千影は、ライブが始まる前、ライブスタッフに初回限定アルバムを五枚以上購入したことを証明して受け取った抽選番号が書かれた紙をジャンパーの内ポケットから取り出して、無くしていないことをしっかり確認すると、その場にビニール傘とずぶ濡れになった忍者部の布袋を置いて自分の場所を誰かに取られないように陣取り、人ごみを掻き分けながら公園の入り口付近に設置されたトイレへ向かった。


「うわ!なんじゃこりゃ!」


そこには仮設トイレが八個ほどあったが、どこも長蛇の列ができている。

今から並んだら、自分の番がまわってくるまで三十分以上はかかりそうだ。

千影はここをあきらめて、ライブ会場から一番遠い、正反対の方にある公園のトイレへ行くことにした。

そこのトイレは一度公園を出て、公園の外を回って行かなければならない。

千影は腕時計を見た。休憩時間はもう残り二十分を切っている。


(どこかに公園内を突き抜けられる道はないかな?)


ライブの舞台の背後には雑木林が広がっている。そこをまっすぐ抜ければ、反対側のトイレへ近道をすることができる。

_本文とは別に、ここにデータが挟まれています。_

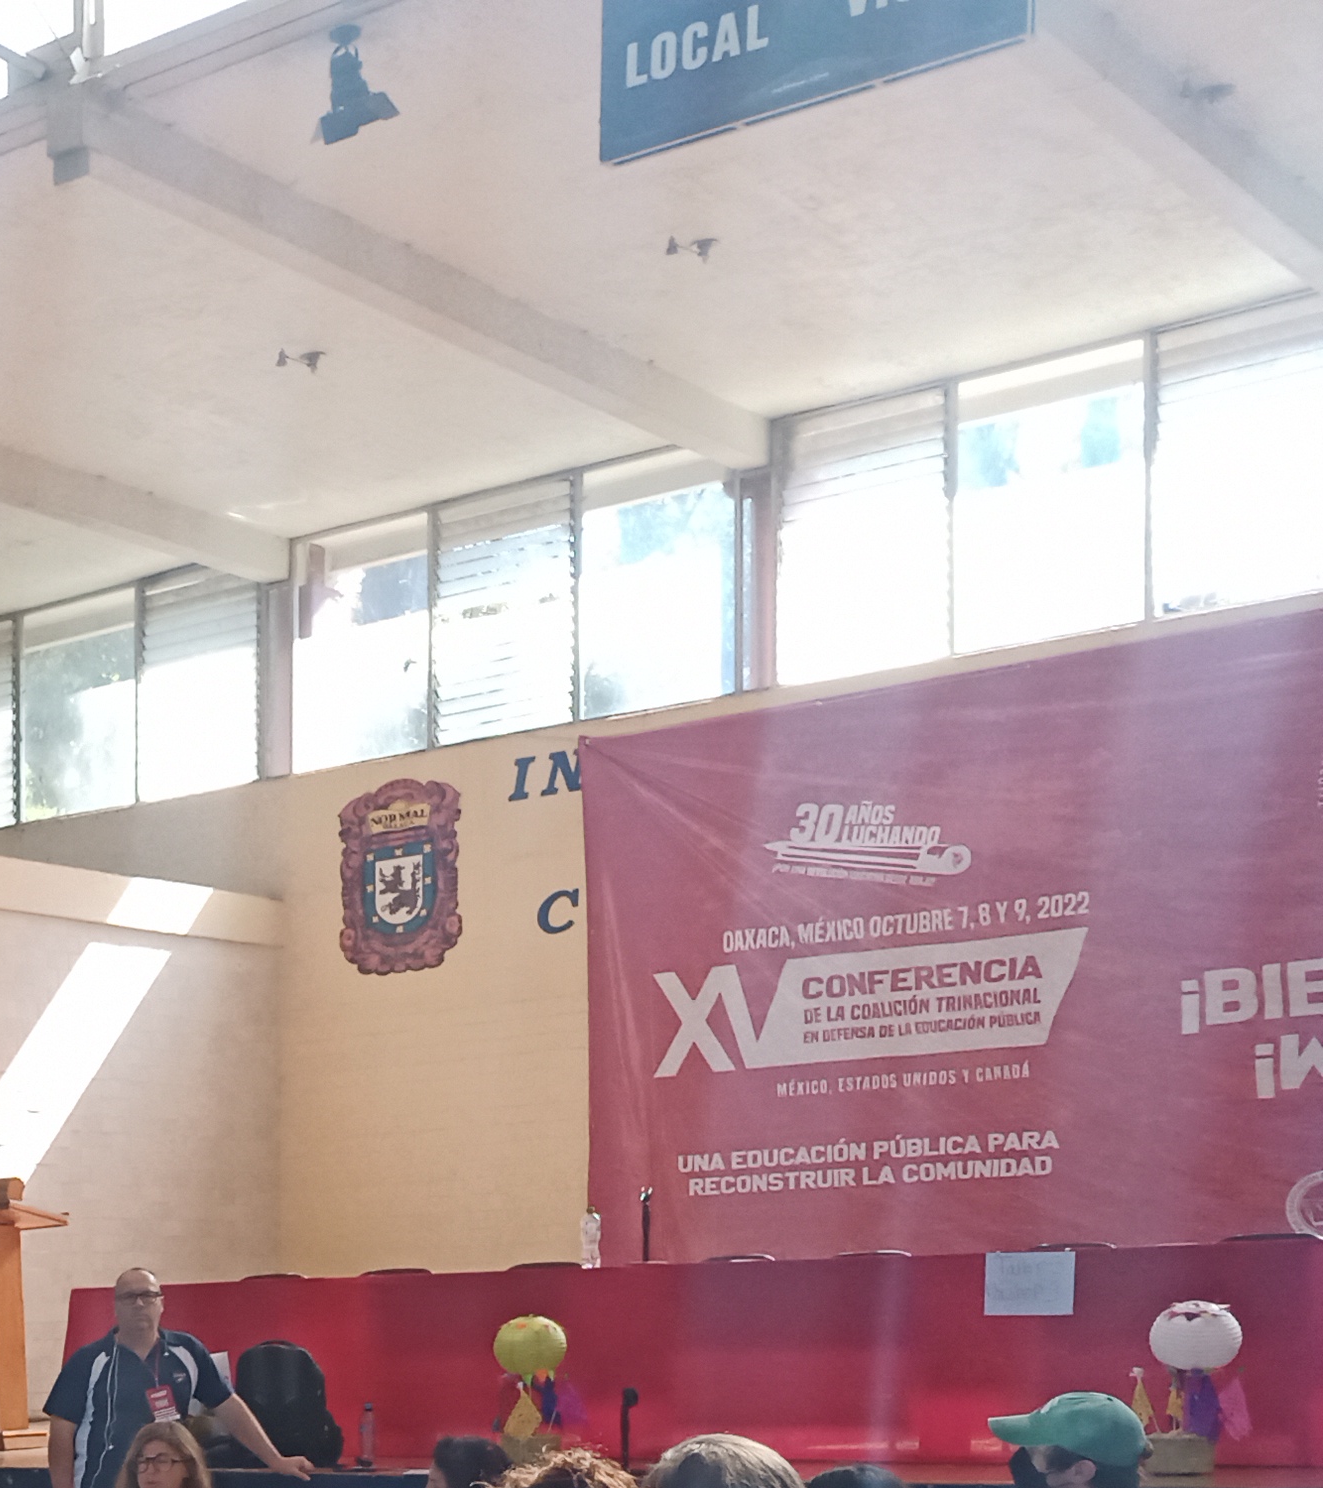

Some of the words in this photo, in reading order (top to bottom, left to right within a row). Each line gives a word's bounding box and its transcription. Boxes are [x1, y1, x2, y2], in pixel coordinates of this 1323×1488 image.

[625, 4, 769, 89] LOCAL
[789, 803, 845, 844] 30
[845, 800, 896, 825] AÑOS
[842, 825, 942, 845] LUCHANDO
[722, 925, 796, 953] OAXACA,
[798, 917, 865, 944] MÉXICO
[869, 908, 955, 938] OCTUBRE
[957, 906, 975, 930] 7,
[978, 903, 992, 926] 8
[995, 900, 1008, 924] Y
[1013, 899, 1031, 924] 9,
[1037, 891, 1090, 920] 2022
[801, 955, 1044, 1000] CONFERENCIA
[653, 959, 789, 1078] XV
[802, 1030, 820, 1044] EN
[822, 1024, 876, 1043] DEFENSA
[878, 1022, 896, 1039] DE
[898, 1021, 913, 1036] LA
[915, 1013, 987, 1035] EDUCACIÓN
[989, 1009, 1043, 1029] PÚBLICA
[803, 1007, 823, 1025] DE
[826, 1004, 846, 1022] LA
[850, 994, 930, 1021] COALICIÓN
[935, 987, 1042, 1014] TRINACIONAL
[776, 1077, 834, 1098] MÉXICO,
[838, 1072, 898, 1093] ESTADOS
[902, 1069, 957, 1088] UNIDOS
[962, 1068, 971, 1084] Y
[975, 1059, 1030, 1083] CANADÁ
[677, 1152, 726, 1174] UNA
[730, 1137, 867, 1171] EDUCACIÓN
[873, 1134, 982, 1161] PÚBLICA
[988, 1130, 1060, 1154] PARA
[688, 1168, 857, 1197] RECONSTRUIR
[862, 1165, 896, 1187] LA
[902, 1155, 1053, 1183] COMUNIDAD

今はもうとっくに陽が沈んでいる。その雑木林は歩道も電灯も一切なく、大きな闇の塊のように見える。

だが、千影には遠回りしている時間の余裕も、トイレを我慢している余裕もない。

千影は意を決したように両手のこぶしに力を込めると、目の前の真っ黒な雑木林の影を目指して突進していった。雨はだいぶ小降りにはなったが、冷えた体には堪える雨であった。

千影は何度も身震いしながら走った。

雑木林の中は真っ暗で、ほとんど何も見えない。

千影は両手を前に突き出して、木の幹を一本ずつ探りながら前に進んだ。だが、前に進めど一向に明りが見えてこない。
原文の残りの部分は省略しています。